Classification accuracies of separating (a) cancers from noncancers using the top 11 features through SVM-RFE on the 145 feature set; (b) benign from normal cases using the top 110 features through SVM-RFE on the 145 feature set. (c) small cell from nonsmall cell carcinoma using the top 1 feature obtained through SVM-RFE on the 35 feature set. (d) Squamous cell carcinoma from adenocarcinoma using the top 25 features obtained through SVM-RFE on the 35 feature set.

Although all cancer samples can be visually well separated from non-cancer samples using their distinctive cellular features, the developed semi-automated strategy still shows difficulties in precisely extracting fibrous and cellular features to reach 100% accuracy. In our 145 features-based classification strategy, membranes around cell nuclei in cancer lesions were sometimes considered as fibers, while the dark holes between the fibers in the noncancer cases were confused with cell nuclei. Still, as an ancillary tool for clinical diagnosis, current accuracies are good enough to produce reliable results.

3.2.2.

Separation of normal from benign tissues

As shown in Figure 2, normal tissues possess moderate fibrous structures with clear orientation while benign cases have predominant fibrous structures with distortions. Figure 4c shows classification accuracies using different subsets of feature combinations through a SVM-RFE feature selection process, in which the accuracy reaches a stable level with the use of around 110 features. Using a 110-feature subset, over 92% and 89% accuracies were achieved for benign and normal samples, respectively [Fig. 5b]. To account for the percentage shortfall, we know that pathological changes in benign lesions are such that certain sampled locations possessed a lower level of abnormality, thus showing tissue structures similar to those of normal cases.

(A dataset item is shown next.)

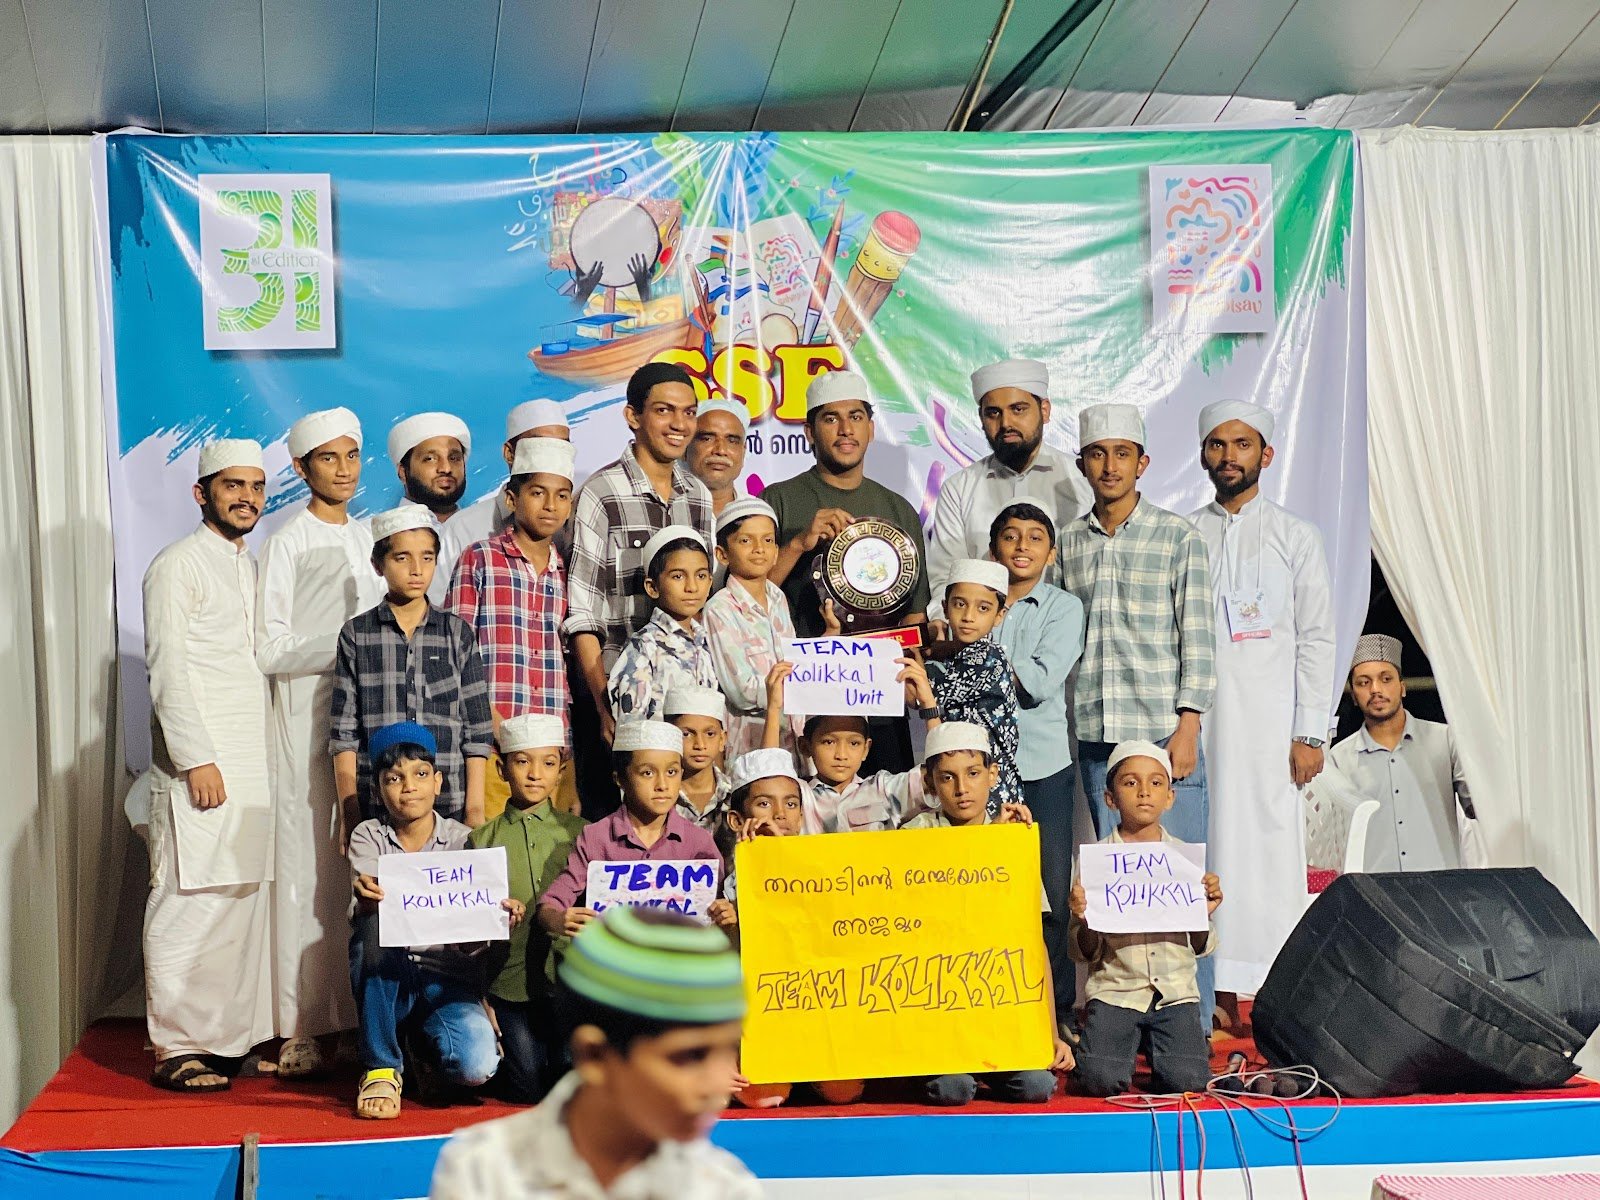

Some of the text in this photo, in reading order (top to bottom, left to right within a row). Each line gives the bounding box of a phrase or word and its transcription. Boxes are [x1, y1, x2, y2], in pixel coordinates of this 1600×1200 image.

However, in a real differential diagnostic process, current results are more than sufficient to achieve the main goal: delineating benign samples (over 92%) from the normal.

3.2.3.

Separation of subtypes of lung cancers

Using the semi-automatic segmentation algorithm, we were able to delineate boundaries of an individual cell nucleus, enabling the measurements of 35 numerical features (Fig. 6). The spatial distribution of the three subtypes of cancers is illustrated in Fig. 7a. All small cell cancer cases are well separated from nonsmall cell subtypes, while the latters overlap in a certain extent in distribution. SVM-RFE analysis showed that the classification accuracy between small cell and non-small cell cancers reaches 100%, even with only one feature [Fig. 5c], i.e., Voronoi Tessellation.

Fig. 6

Distributions of the seven features of three cancer subgroups: small cell carcinoma (red), adenocarcinoma (green), and squamous cell carcinoma (blue). We randomly chose 5000 cells from each subtype and investigated the distribution of their 7 features with respect to different subtypes. (Color online only.)

Fig. 7

(a) Spatial distribution of cancer subtypes using PLSR analysis. Similar to Fig. 4, the top three-scored vectors were calculated through PLSR analysis on all cancer samples to represent each cancer sample with a three-dimensional vector and a scale normalized from 0 to 1. Three ellipsoids were fitted in the same way for better visualization. (b) and (c) Classification analyses through SVM-RFE of small cell versus nonsmall cell carcinoma and squamous cell carcinoma versus adenocarcinoma on the 35 feature set, respectively.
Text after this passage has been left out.